When a child is unwell, they often lose their appetite. This is common for all children, however for children with CF can cause extra worry for parents. It is important to offer your child foods and drinks they can tolerate during this period. If your child is frequently unwell, your dietitian will assess and provide individual recommendations for your child’s needs.
It is also important to be aware of dehydration during illness. Fluid and salt supplementation are very important during this time. Small, frequent offering of any fluid including chocolate milk or juice can help your child meet their hydration needs. Discuss any concerns with your CF team.
Loss Of Appetite
Loss of appetite is common when not feeling well.
In times of prolonged poor appetite, you can try the following:
- Offer small, frequent meals/snacks 5-6 x per day for example, cheese and crackers, simple sandwiches, or any of your child’s preferred foods.
- Keep food on a small plate to avoid overwhelming your child.
- Sometimes drinks are easier managed when unwell. Offer milk-based drinks such as plain and flavoured milk or smoothies.
- Fresh air and gentle physical activity such as going for a short walk may be helpful.
Hospital Admissions
If your child requires a hospital admission to PCH, nutrition will be an important component of their recovery. All main meals and snacks are catered for by the hospital, however if they have any extra dietary needs, you should tell staff upon admission, and they will cater for your child as best they can.
At PCH, you can select your child’s meals from an electronic menu using the TV in the room. The menu items offered will depend on your child’s age, dietary needs and allergy requirements.

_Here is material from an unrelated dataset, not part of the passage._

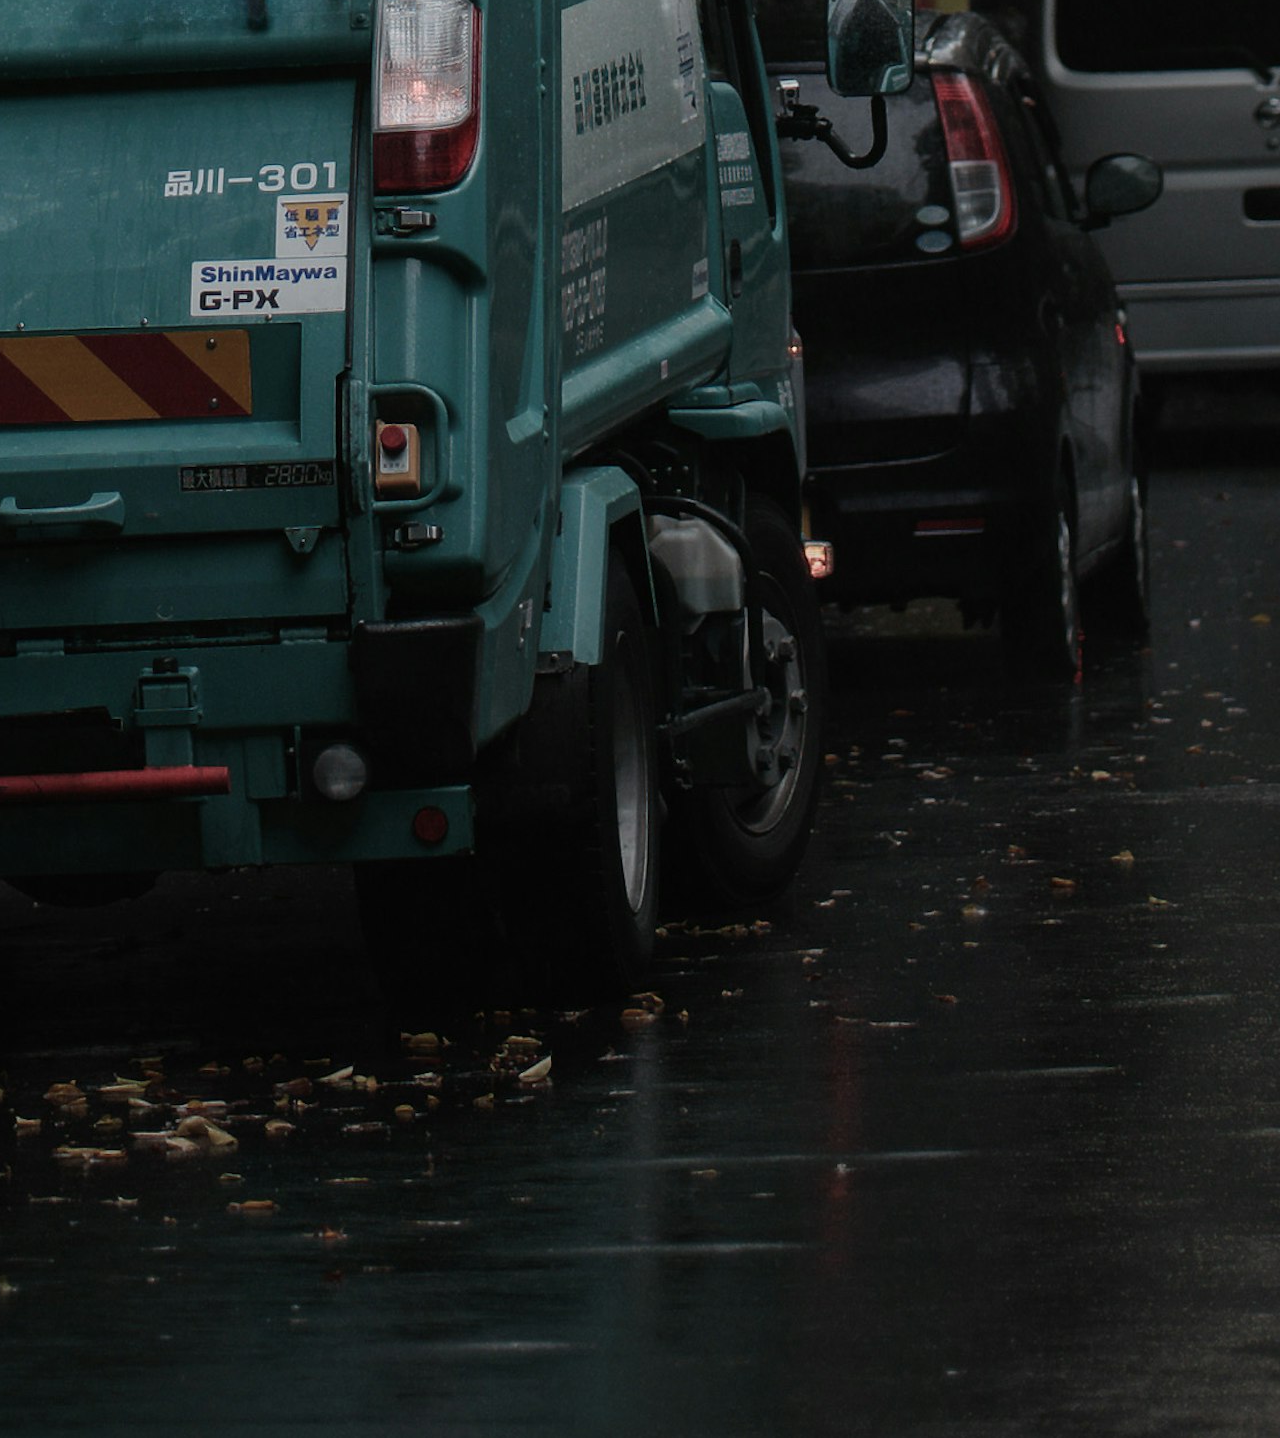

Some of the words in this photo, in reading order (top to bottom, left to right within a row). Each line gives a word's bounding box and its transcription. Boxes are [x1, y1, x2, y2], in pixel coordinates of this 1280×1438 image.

[284, 224, 340, 239] 省エネ型
[200, 265, 338, 284] ShinMaywa
[199, 289, 280, 311] G-PX

You are able to bring preferred foods from home you know your child likes. CF inpatients can request a fridge for their room to store food and drinks. However, availability is not always guaranteed. You can also ask to speak with the CF dietitian if you need more support or information about food options during the admission.
Here are some tips to optimise diet during an admission:
- Encourage your child to order their own meals / assist them.
- Utilise booster option for example, add butter or margarine to veggies, add cream to soup.
- Order double serves.
- Utilise snack boxes so your child has food readily available in between mealtimes.
- Bring foods from home if able to increase variety.
Supplemental Feeding
If despite having a good, high calorie diet, your child is struggling to put on weight, the CF care team may recommend a form of supplemental feeding to help gain weight.
Supplemental feeds can be delivered directly through a feeding tube via the nose or stomach, known as a Percutaneous Endoscopic Gastrostomy (PEG). This allows high calorie liquid meals to be delivered directly into the stomach. Feed plans are individualised to best meet the needs of your child and family for example feeds can be given while your child is sleeping and allow them the freedom to enjoy normal meals and activities during the day.
Although having a feeding tube might seem daunting, it can be really helpful in enabling your child to gain weight and can take off a lot of pressure around food and eating. If a feeding tube is recommended for your child, it will be discussed in detail by members of your child’s CF team.